Task to carry out | Output each line of the data below exactly, omitting any image.

Image-backed grounding data
[Start of section]

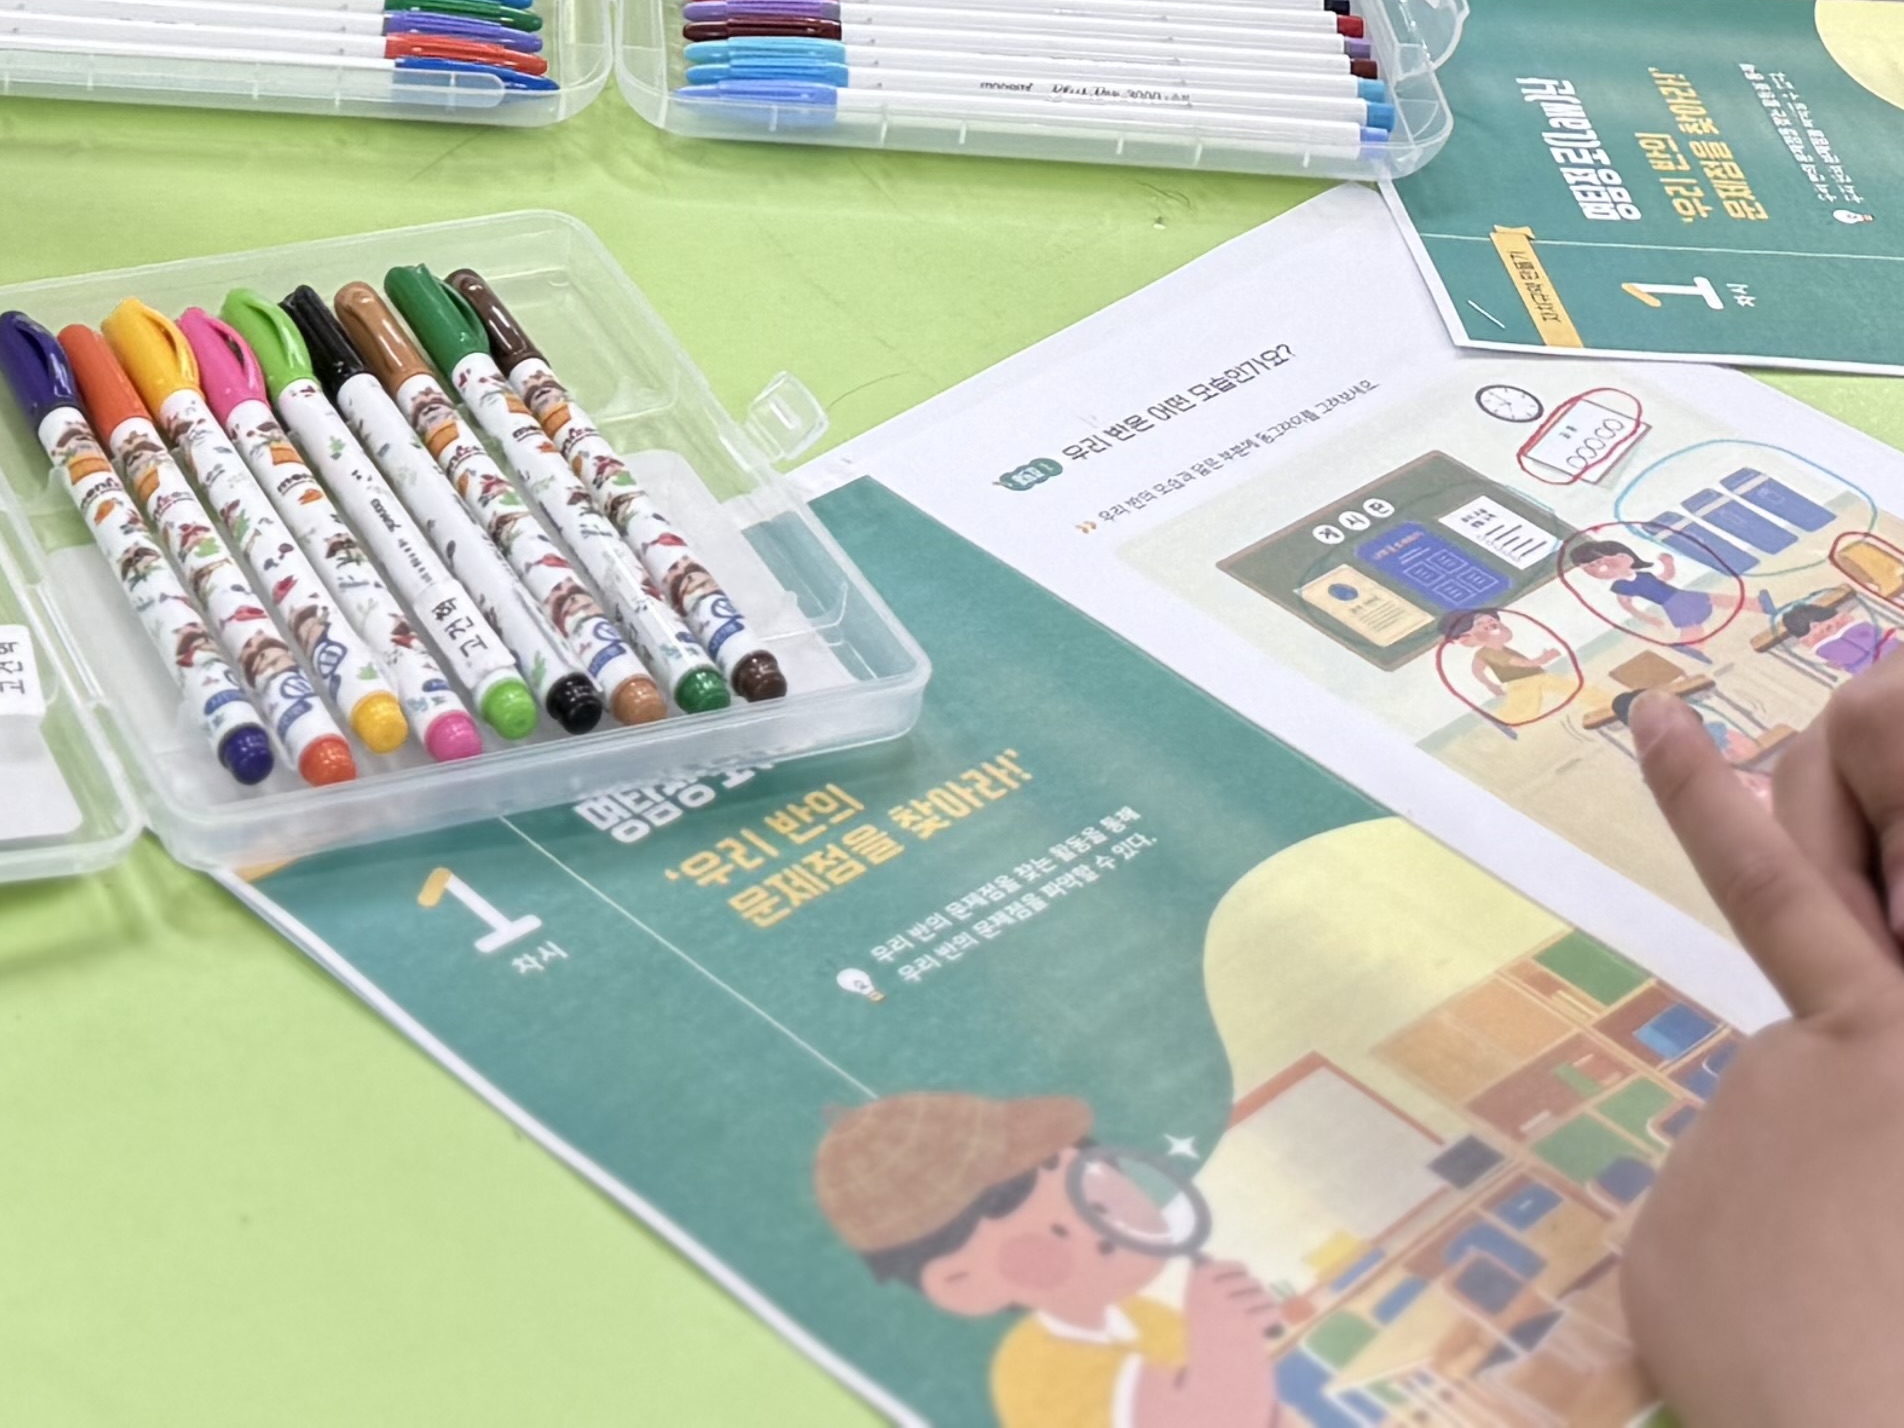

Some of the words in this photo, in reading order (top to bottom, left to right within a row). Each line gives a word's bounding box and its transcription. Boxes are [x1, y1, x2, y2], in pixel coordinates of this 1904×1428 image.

[1635, 132, 1691, 171] 반의
[1689, 140, 1769, 221] 문제점을
[1559, 167, 1642, 221] 명탐정
[1621, 276, 1725, 310] 1
[1062, 435, 1113, 461] 우리
[1104, 414, 1155, 442] 반은
[1146, 394, 1197, 422] 어떤
[1187, 343, 1296, 404] 모습인가요?
[764, 782, 866, 845] 반의
[417, 866, 543, 953] 1
[728, 823, 905, 928] 문제점을
[870, 934, 915, 963] 우리
[906, 912, 953, 942] 반의
[944, 874, 1022, 920] 문제점을
[1013, 856, 1058, 883] 찾는
[1049, 826, 1109, 863] 활동을
[1099, 805, 1142, 834] 통해
[511, 940, 568, 974] 차시
[897, 954, 943, 984] 우리
[934, 931, 980, 961] 반의
[972, 892, 1049, 940] 문제점을
[1038, 863, 1101, 898] 파악할
[1095, 853, 1117, 871] 수
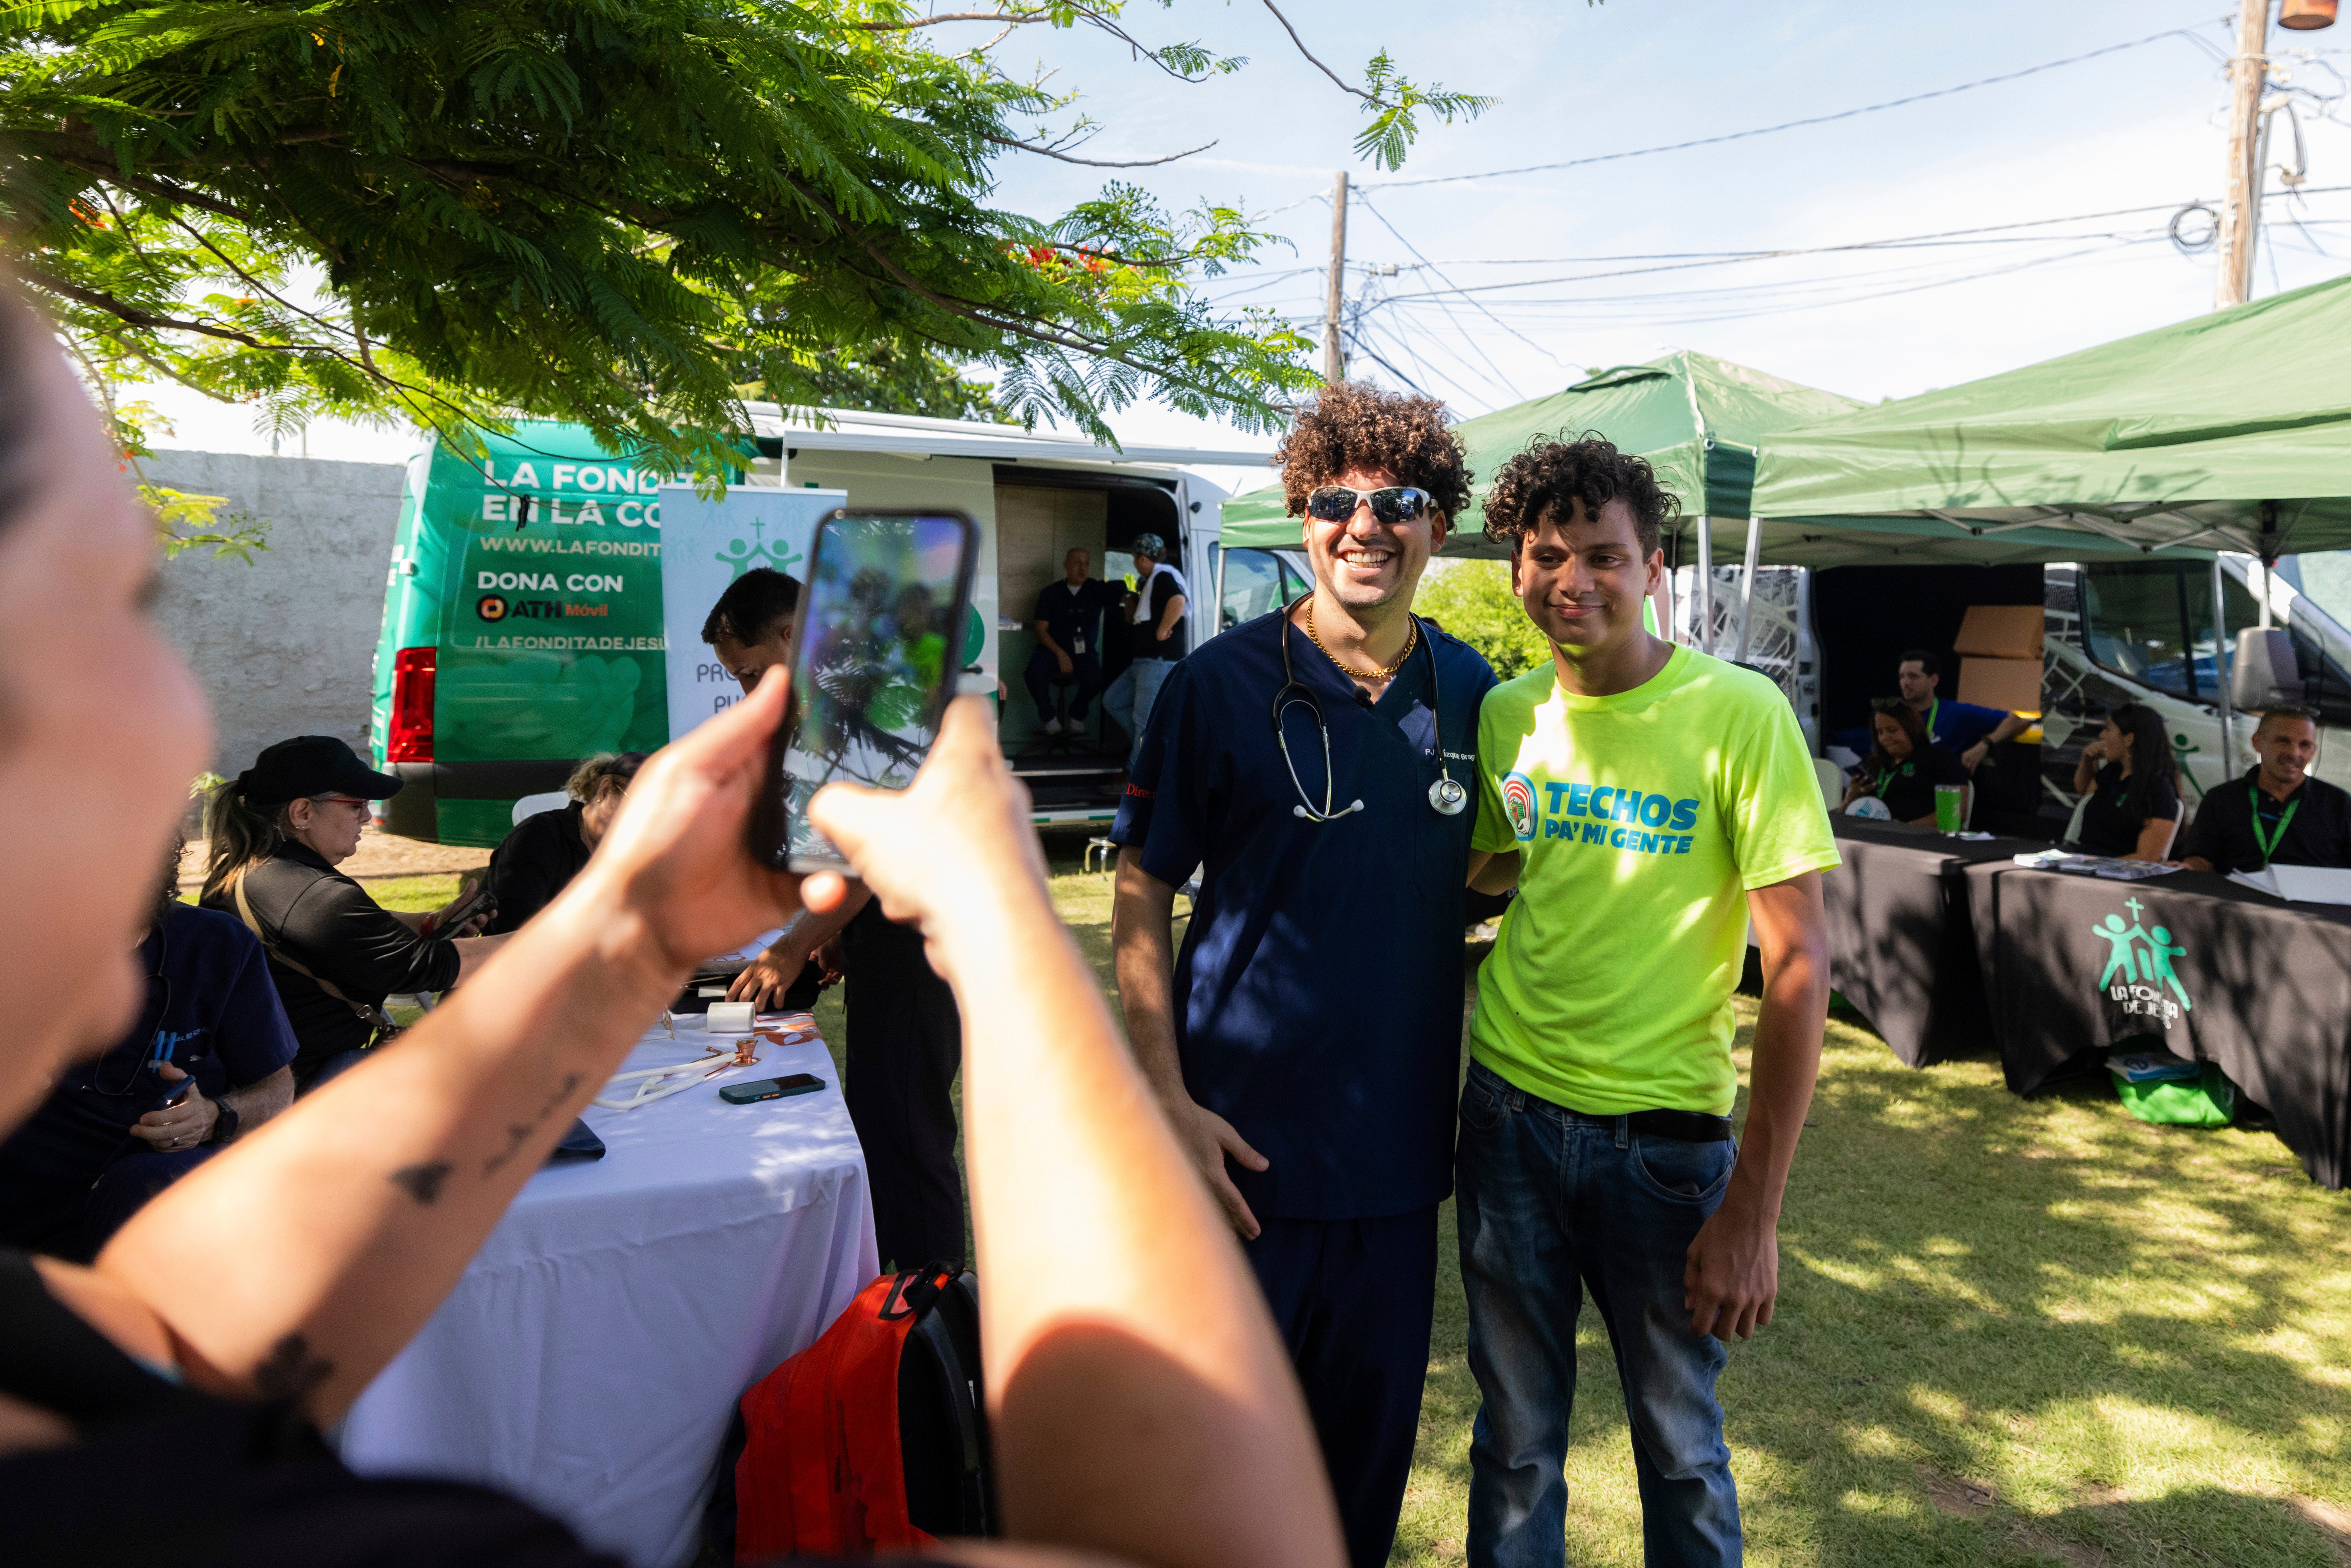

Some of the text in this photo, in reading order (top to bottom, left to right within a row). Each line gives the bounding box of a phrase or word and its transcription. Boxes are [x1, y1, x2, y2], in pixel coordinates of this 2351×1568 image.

[484, 460, 540, 488] LA
[483, 494, 539, 522] EN
[551, 498, 606, 526] LA
[477, 571, 623, 592] DONA CON
[511, 600, 608, 618] ATH Móvil
[1545, 782, 1700, 831] TECHOS
[1582, 822, 1608, 845] MI
[1611, 828, 1694, 854] GENTE
[2110, 985, 2128, 1001] LA

[End of section]

Task response |
Some of the words in this photo, in reading order (top to bottom, left to right within a row). Each line gives a word's bounding box and its transcription. Boxes are [x1, y1, x2, y2], in pixel coordinates of this 1904×1428 image.

[1635, 132, 1691, 171] 반의
[1689, 140, 1769, 221] 문제점을
[1559, 167, 1642, 221] 명탐정
[1621, 276, 1725, 310] 1
[1062, 435, 1113, 461] 우리
[1104, 414, 1155, 442] 반은
[1146, 394, 1197, 422] 어떤
[1187, 343, 1296, 404] 모습인가요?
[764, 782, 866, 845] 반의
[417, 866, 543, 953] 1
[728, 823, 905, 928] 문제점을
[870, 934, 915, 963] 우리
[906, 912, 953, 942] 반의
[944, 874, 1022, 920] 문제점을
[1013, 856, 1058, 883] 찾는
[1049, 826, 1109, 863] 활동을
[1099, 805, 1142, 834] 통해
[511, 940, 568, 974] 차시
[897, 954, 943, 984] 우리
[934, 931, 980, 961] 반의
[972, 892, 1049, 940] 문제점을
[1038, 863, 1101, 898] 파악할
[1095, 853, 1117, 871] 수

Some of the text in this photo, in reading order (top to bottom, left to right within a row). Each line gives the bounding box of a phrase or word and its transcription. Boxes are [x1, y1, x2, y2], in pixel coordinates of this 2351×1568 image.

[484, 460, 540, 488] LA
[483, 494, 539, 522] EN
[551, 498, 606, 526] LA
[477, 571, 623, 592] DONA CON
[511, 600, 608, 618] ATH Móvil
[1545, 782, 1700, 831] TECHOS
[1582, 822, 1608, 845] MI
[1611, 828, 1694, 854] GENTE
[2110, 985, 2128, 1001] LA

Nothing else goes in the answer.